● **Required work**
In duplicating the lines below, keep every word unchanged and drop the pictures.

=== Section Start ===

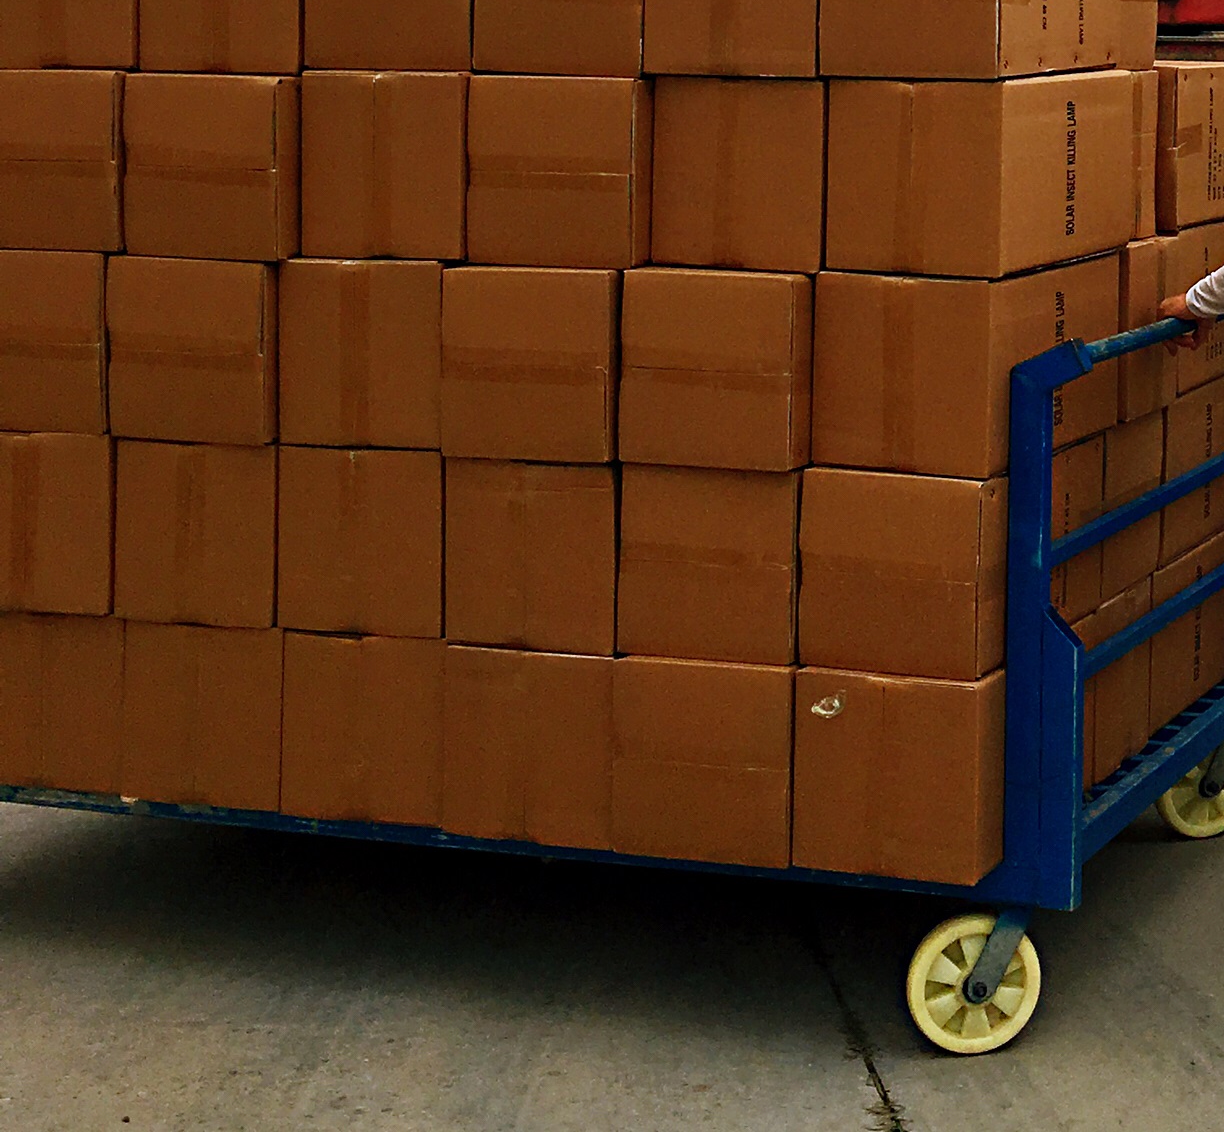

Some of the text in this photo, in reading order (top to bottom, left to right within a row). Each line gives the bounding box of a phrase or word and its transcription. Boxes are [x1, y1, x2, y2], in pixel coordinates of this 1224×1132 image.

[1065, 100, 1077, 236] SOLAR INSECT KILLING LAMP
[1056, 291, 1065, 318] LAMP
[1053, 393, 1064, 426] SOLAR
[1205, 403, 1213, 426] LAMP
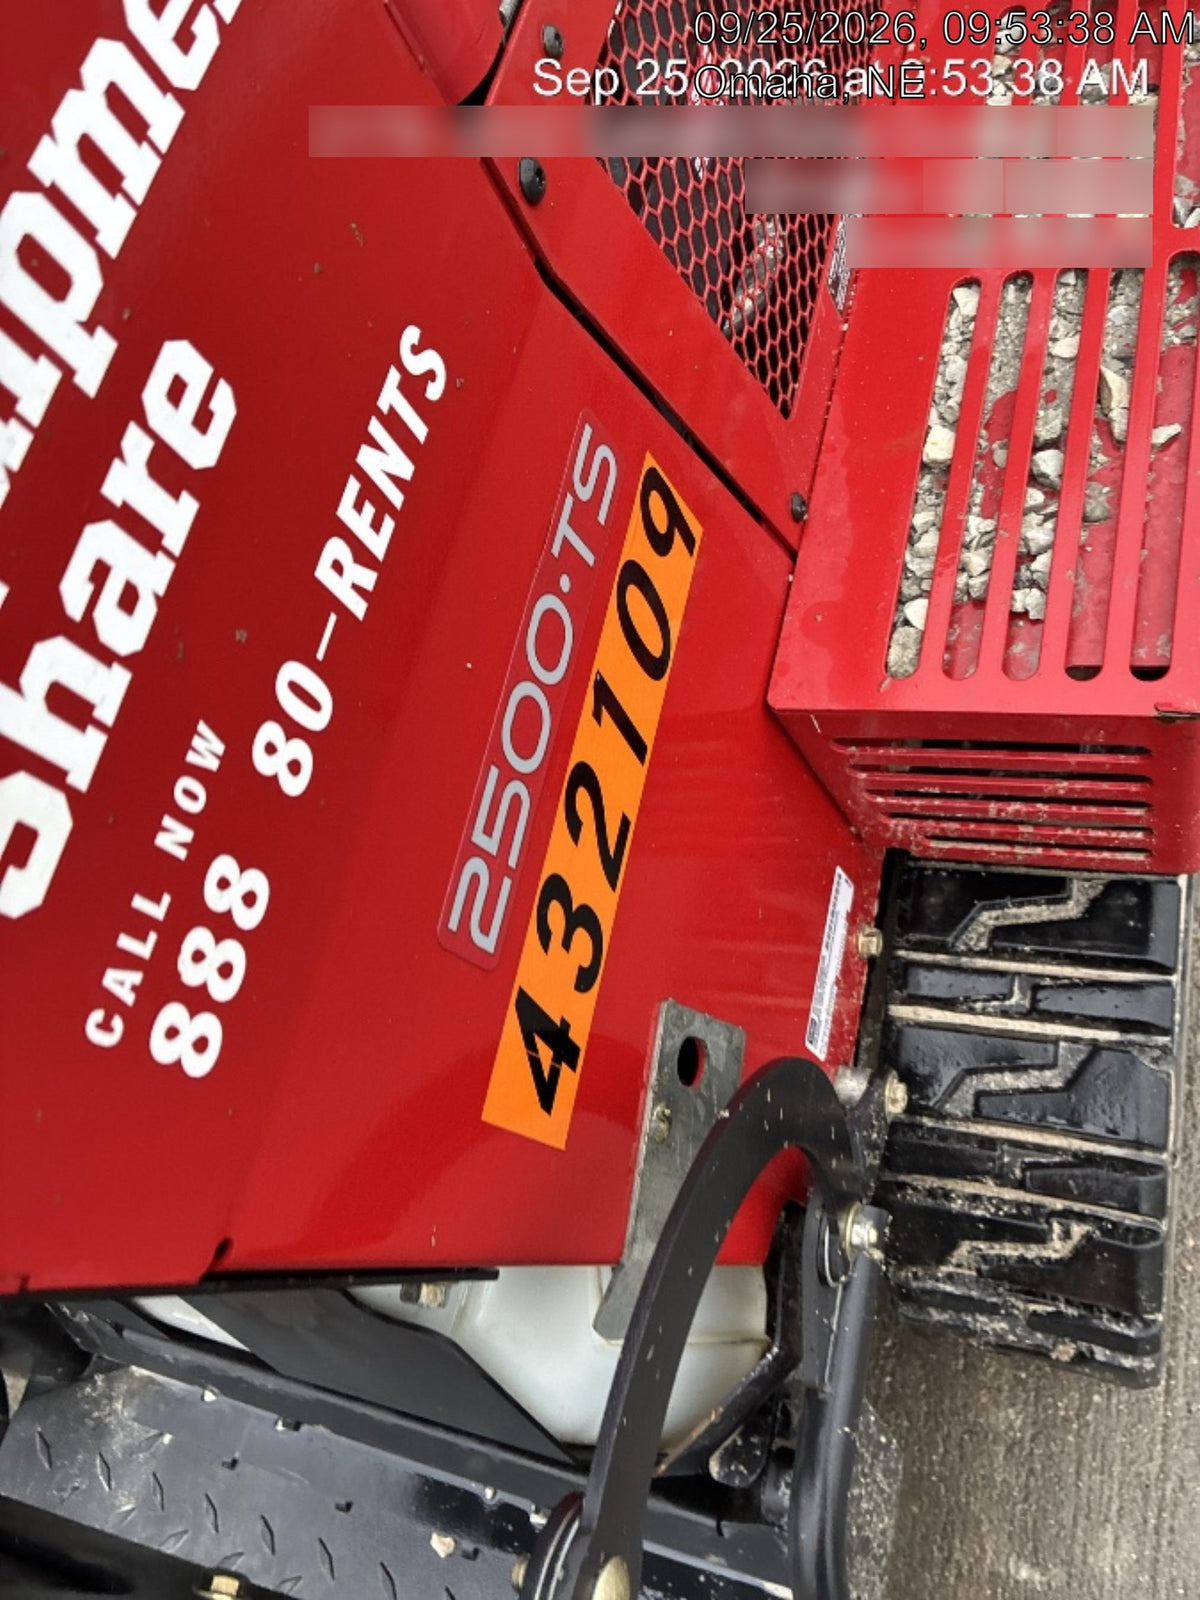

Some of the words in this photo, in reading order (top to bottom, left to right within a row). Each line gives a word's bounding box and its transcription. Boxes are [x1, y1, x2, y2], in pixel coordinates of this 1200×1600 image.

=== Section End ===

● **Completed exercise**
Some of the text in this photo, in reading order (top to bottom, left to right within a row). Each line gives the bounding box of a phrase or word and its transcription. Boxes are [x1, y1, x2, y2], in pixel coordinates of this 1224×1132 image.

[1065, 100, 1077, 236] SOLAR INSECT KILLING LAMP
[1056, 291, 1065, 318] LAMP
[1053, 393, 1064, 426] SOLAR
[1205, 403, 1213, 426] LAMP

Some of the words in this photo, in reading order (top to bottom, left to right within a row). Each line gives a word's bounding box and its transcription. Boxes are [x1, y1, x2, y2], in pixel coordinates of this 1200×1600 image.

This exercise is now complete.